Должно быть повышение квалификации судей. До недавнего времени принимались решения о выселении ребенка из квартиры, скажем, если собственник-отец развелся с матерью, на основании статьи 31 ЖК и статьи 292 ГК РФ. Судьи не знают элементарной вещи: статьей третьей Конвенции о правах ребенка установлено, что ни один государственный орган не может принять решение, противоречащее наилучшим интересам ребенка. А международная норма приоритетна. Скажем, в случае с ювенальной юстицией необходима профессионализация сообщества, создание ювенального правосудия и социальное насыщение работы с ребенком.
– Как сделать суды более независимыми?
– Есть разные инструменты. Один – общественный, суд присяжных – его маленький элемент. Есть и другие возможности – например, участие общественности, здесь уже скорее профессиональной, в судебных коллегиях, которые занимаются обеспечением деятельности судов и формированием судейского корпуса. Третье – формирование системы контроля со стороны политической оппозиции, для чего нужна демонополизация политической системы. Монополия в любой системе неизбежно ведет к ее вырождению. Пока есть политическая монополия – отношение к тому или иному институту, ветви власти, к профессиональной группе общества всегда будет деформировано.

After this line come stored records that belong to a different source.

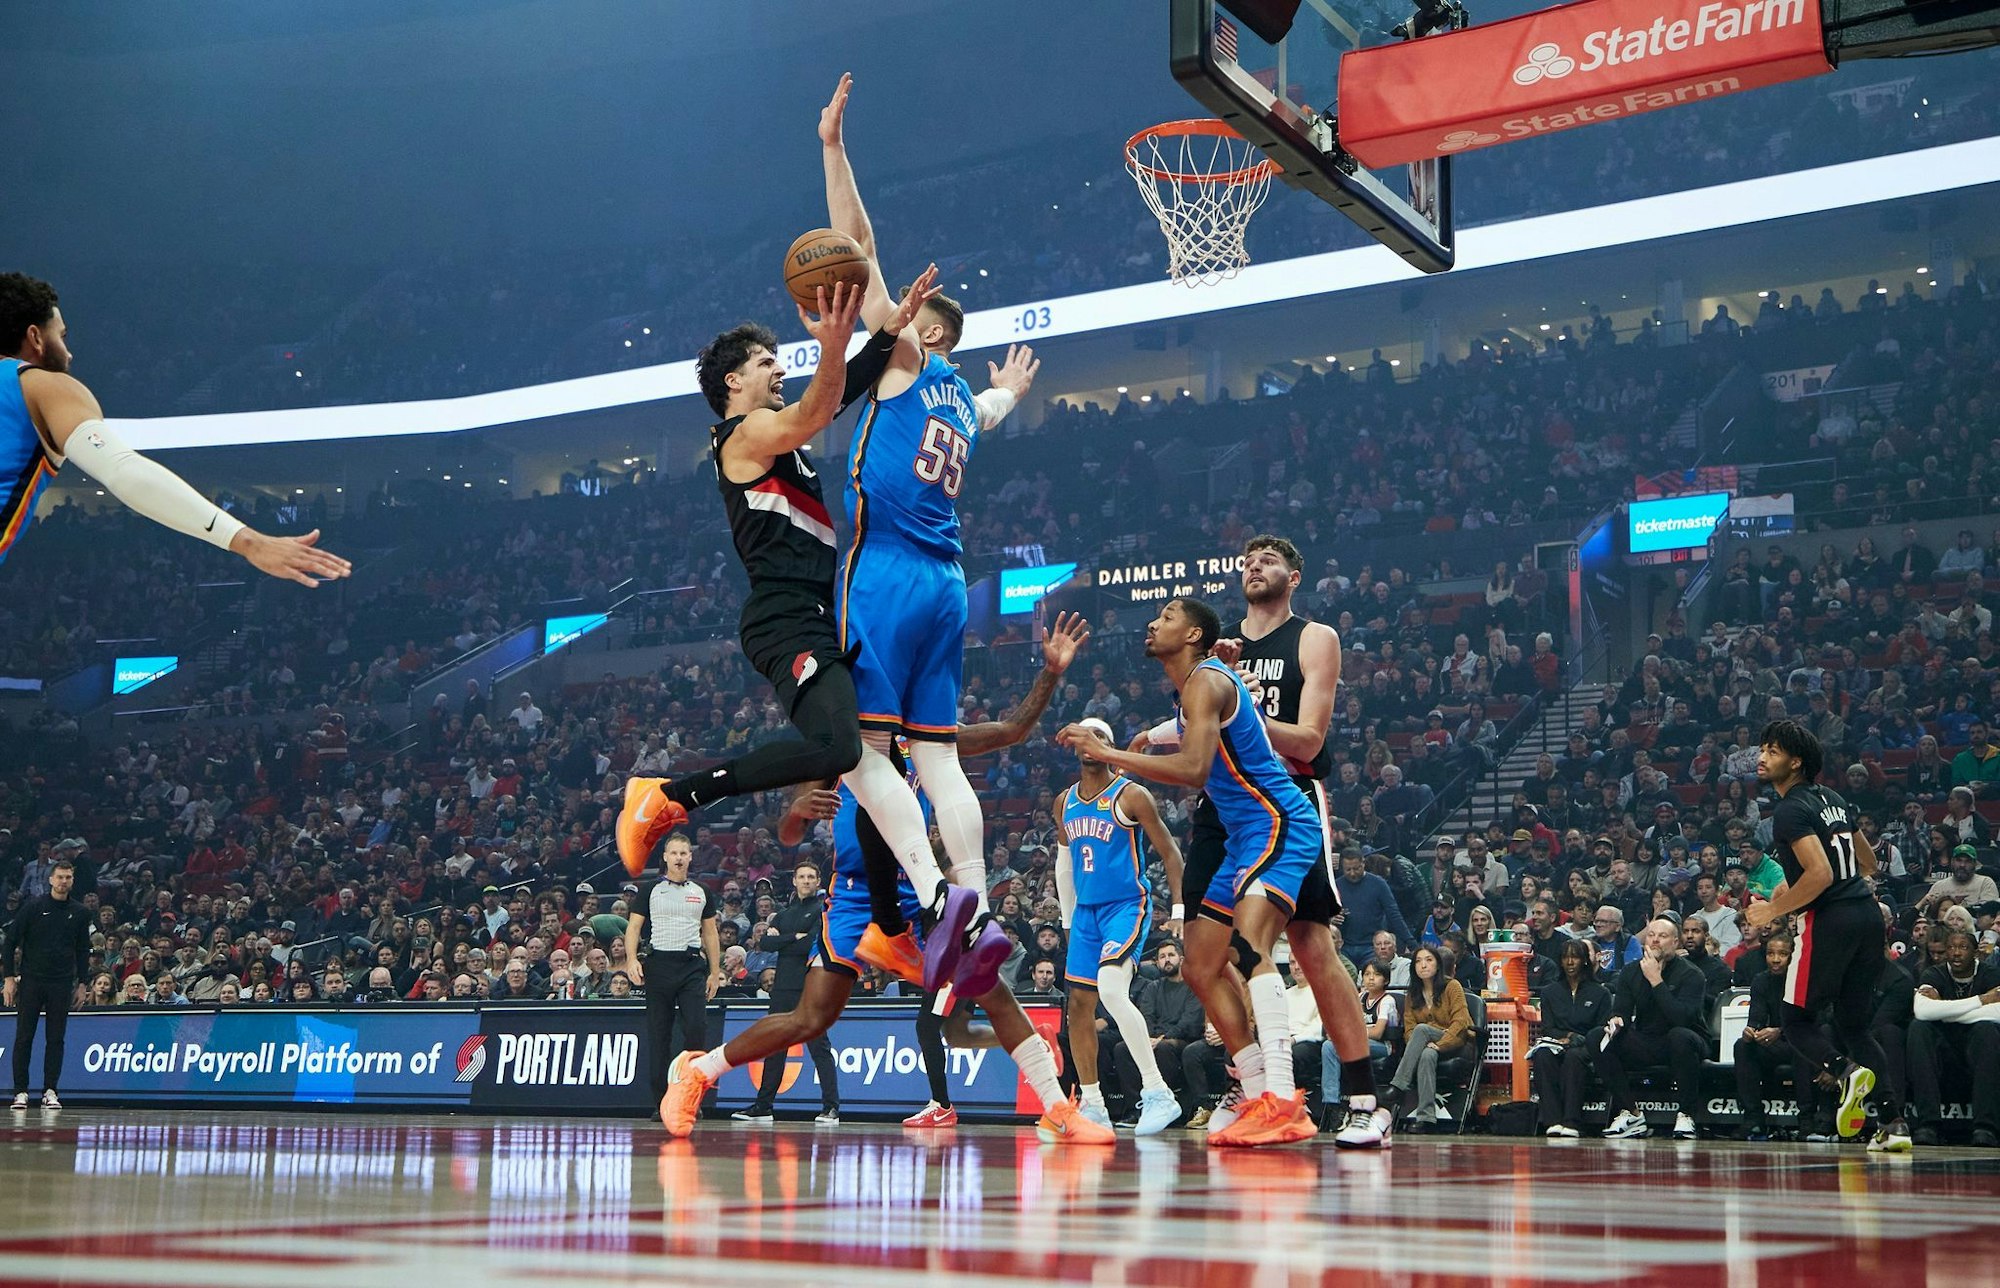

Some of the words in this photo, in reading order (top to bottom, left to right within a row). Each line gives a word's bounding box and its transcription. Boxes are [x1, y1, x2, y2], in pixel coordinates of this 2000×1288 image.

[796, 244, 853, 267] Wilson
[1014, 306, 1051, 333] :03
[786, 345, 819, 369] :03
[1767, 374, 1796, 389] 201
[914, 414, 971, 498] 55
[1098, 562, 1186, 586] DAIMLER
[1131, 585, 1168, 601] North
[1173, 581, 1226, 598] Amica
[1064, 816, 1114, 842] THUNDER
[1082, 845, 1094, 872] 2
[1831, 832, 1857, 880] 17
[84, 1042, 179, 1073] Official
[182, 1042, 276, 1082] Payroll
[280, 1042, 403, 1074] Platform
[409, 1042, 443, 1075] of
[495, 1033, 639, 1086] PORTLAND
[813, 1035, 988, 1087] ayloity

– У нас пик независимости судов приходится на пореформенное время после 1864 года, хотя была монопольная политическая власть.
– Но она при этом дистанцировалась от судебной системы.
– Получается замкнутый круг. Чтобы власть демонополизировалась, нужно, чтобы общественность развивалась, а чтобы общественность развивалась, нужен независимый суд.
– Чтобы развивались институты гражданского общества, необязательно должен существовать независимый суд, хотя он и желателен. Самостоятельность граждан – во многом независимая от суда конструкция. Самостоятельность гражданина определяется способностью к самостоятельному мышлению и к действиям, которые необязательно предпринимаются в пику тому, что делает власть. Он просто может сопоставить власть с системой определенных ценностей. Он заинтересован в том, чтобы конструировать более положительную реальность, помогать тому, чтобы она складывалась... То есть замкнутый круг разрывается через развитие человека: образование, воспитание, культуру. Конечно, плохо, когда информационное пространство оказывается агрессивным и уничтожающим общество и его культуру, а контроль качества образования сводится к набору тестов.
Только самоорганизация людей позволяет говорить о началах гражданского общества. И она происходит, но очень сложно – это вообще достаточно непросто: нужны, с одной стороны, знания, навыки и умения, а с другой – определенные социальные технологии, не очень простые, но которые осмыленно, при понимании государства, внедряются в практику и управления, и гражданской соорганизации. Хорошо известно, что необходимо вкладывать человеческие, организационные, финансовые ресурсы в соорганизацию институтов гражданского общества. Вот в «Стратегии-2020» написано – развитие человеческого капитала, инновационное развитие. А рядышком – освоение арктического шельфа. Но это не имеет никакого отношения к человеческому капиталу и инновациям. Ресурсное изобилие России пока что не очень помогает справиться с задачами развития. А вот человек духовно богатый и образованный материальное благосостояние себе обеспечивает сам. Если ты не образован – остается воровство и махинации.